13. We’re seeing use of cluster munitions right now in Syria, leading to mounting casualties. Why is it important governments speak out?

This is no longer a secret weapon.  In this day and age it is not a form of warfare it is a form of terrorism on local populations.  It cannot be tolerated and governments must say they are against Syria’s use of cluster bombs and work to stop it.

14. You have been a powerful advocate against cluster munitions as a mother and a campaigner – what can others do to make a difference?

I do not want others to feel the pain of this weapon and only then understand that it must be banned. I pray that when they hear my story and the stories of the other victims that they are moved to take action.  That they understand the power of their voice and that they are compelled to speak out. They must urge others to join them in putting pressure on the powers that be to stop the manufacture, transfer and use of this weapon and most importantly that assistance is given to victims around the world.

15. What are your hopes for the future?

My hope for the future is that the people of the world come to realize how very much their hopes and dreams are the same.  We all love our children, our communities, our way of life.  We want to live in peace and so do others.  I hope that one day there is no need to work for a ban on any type of weapon because the use of them on another would be unthinkable.

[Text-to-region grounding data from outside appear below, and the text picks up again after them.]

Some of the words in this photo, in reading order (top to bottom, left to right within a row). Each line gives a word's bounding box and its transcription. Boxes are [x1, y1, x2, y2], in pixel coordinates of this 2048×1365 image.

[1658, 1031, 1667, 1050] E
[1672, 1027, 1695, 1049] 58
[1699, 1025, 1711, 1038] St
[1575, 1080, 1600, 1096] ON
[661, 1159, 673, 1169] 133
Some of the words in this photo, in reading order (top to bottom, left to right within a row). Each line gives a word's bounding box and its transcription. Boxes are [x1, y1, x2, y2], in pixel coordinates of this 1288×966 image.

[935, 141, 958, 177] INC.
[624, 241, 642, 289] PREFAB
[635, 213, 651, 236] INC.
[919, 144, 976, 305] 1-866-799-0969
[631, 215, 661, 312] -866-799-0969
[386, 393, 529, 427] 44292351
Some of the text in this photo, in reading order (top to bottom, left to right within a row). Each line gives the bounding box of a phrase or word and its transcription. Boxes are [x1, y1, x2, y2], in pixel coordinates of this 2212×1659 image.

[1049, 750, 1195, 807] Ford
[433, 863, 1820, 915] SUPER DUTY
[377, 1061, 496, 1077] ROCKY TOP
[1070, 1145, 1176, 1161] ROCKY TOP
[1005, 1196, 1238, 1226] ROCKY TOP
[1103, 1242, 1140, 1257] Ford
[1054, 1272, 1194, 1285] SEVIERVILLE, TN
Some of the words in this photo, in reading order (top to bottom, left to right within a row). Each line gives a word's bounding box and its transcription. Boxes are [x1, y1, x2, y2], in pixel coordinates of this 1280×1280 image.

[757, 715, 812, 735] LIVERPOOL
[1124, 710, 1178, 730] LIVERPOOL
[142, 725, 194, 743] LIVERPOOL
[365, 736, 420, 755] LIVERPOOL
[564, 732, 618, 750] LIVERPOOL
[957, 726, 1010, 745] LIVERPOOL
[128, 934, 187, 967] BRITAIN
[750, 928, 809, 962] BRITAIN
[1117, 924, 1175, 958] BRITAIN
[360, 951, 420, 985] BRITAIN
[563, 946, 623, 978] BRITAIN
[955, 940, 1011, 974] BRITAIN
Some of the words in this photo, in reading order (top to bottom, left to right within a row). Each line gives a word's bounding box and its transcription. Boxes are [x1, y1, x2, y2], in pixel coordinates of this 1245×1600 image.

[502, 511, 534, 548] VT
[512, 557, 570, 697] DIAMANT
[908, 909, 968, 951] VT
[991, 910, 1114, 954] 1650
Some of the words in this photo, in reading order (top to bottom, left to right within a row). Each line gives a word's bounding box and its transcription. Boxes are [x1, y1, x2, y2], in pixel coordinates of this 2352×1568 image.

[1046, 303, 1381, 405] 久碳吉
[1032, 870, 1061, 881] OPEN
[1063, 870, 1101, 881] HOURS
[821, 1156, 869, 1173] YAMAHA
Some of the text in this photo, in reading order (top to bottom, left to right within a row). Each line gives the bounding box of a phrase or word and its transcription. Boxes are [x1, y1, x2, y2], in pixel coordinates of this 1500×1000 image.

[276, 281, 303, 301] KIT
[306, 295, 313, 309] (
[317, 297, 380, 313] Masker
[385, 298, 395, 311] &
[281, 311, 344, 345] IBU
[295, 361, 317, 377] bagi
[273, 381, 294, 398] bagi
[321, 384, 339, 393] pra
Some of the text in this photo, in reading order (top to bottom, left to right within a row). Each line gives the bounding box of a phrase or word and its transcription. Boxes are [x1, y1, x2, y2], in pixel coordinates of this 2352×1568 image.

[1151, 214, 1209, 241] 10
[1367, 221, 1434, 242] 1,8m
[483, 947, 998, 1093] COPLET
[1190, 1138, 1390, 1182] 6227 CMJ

However this dream appears to be a long way off, so until then my hope is to stop the use of this one type of inhumane weapon.


Further information:

  • Lynn is a campaigner with the Cluster Munition Coalition (CMC). The CMC is an international coalition of nongovernmental organisations (NGOs) working in around 100 countries to encourage urgent action against cluster bombs. The CMC facilitates NGO efforts worldwide to educate governments, the public and the media about the problems of cluster munitions and to urge universalisation and full implementation of the 2008 Convention on Cluster Munitions.
  • Lynn is also a member of Handicap International’s Ban Advocate team, supporting the work of the CMC against cluster munitions.